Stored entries

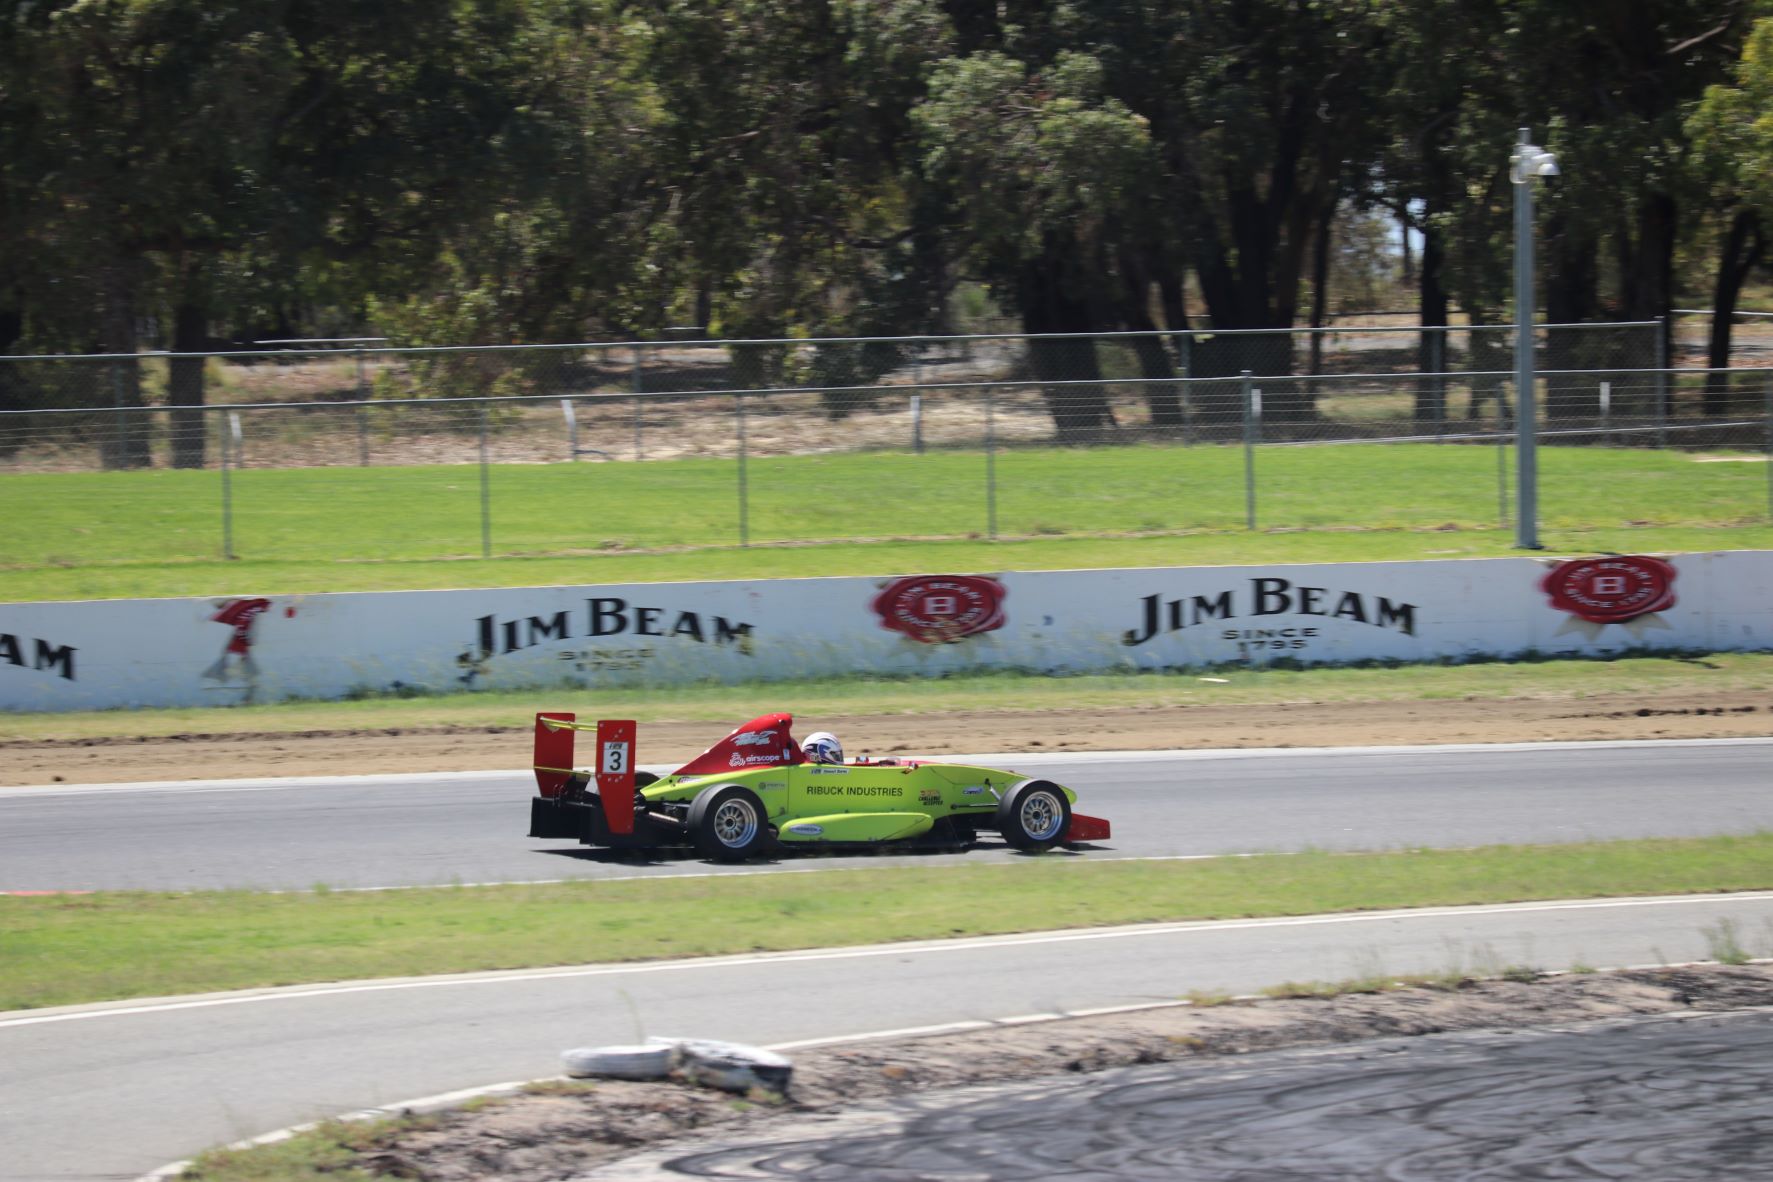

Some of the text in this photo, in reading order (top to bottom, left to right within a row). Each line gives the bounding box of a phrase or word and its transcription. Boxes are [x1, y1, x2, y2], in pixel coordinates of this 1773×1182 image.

[1122, 578, 1419, 646] JIM BEAM
[456, 597, 756, 667] JIM BEAM
[1223, 627, 1319, 640] SINCE
[1238, 639, 1308, 650] 1795
[559, 649, 656, 662] SINCE
[609, 750, 622, 771] 3
[746, 754, 780, 763] airscope
[806, 786, 903, 797] RIBUCK INDUSTRIES

_Your task:_ Repeat the data above exactly; images are not part of the copy.

_Output of the task:_
Some of the text in this photo, in reading order (top to bottom, left to right within a row). Each line gives the bounding box of a phrase or word and its transcription. Boxes are [x1, y1, x2, y2], in pixel coordinates of this 1773×1182 image.

[1122, 578, 1419, 646] JIM BEAM
[456, 597, 756, 667] JIM BEAM
[1223, 627, 1319, 640] SINCE
[1238, 639, 1308, 650] 1795
[559, 649, 656, 662] SINCE
[609, 750, 622, 771] 3
[746, 754, 780, 763] airscope
[806, 786, 903, 797] RIBUCK INDUSTRIES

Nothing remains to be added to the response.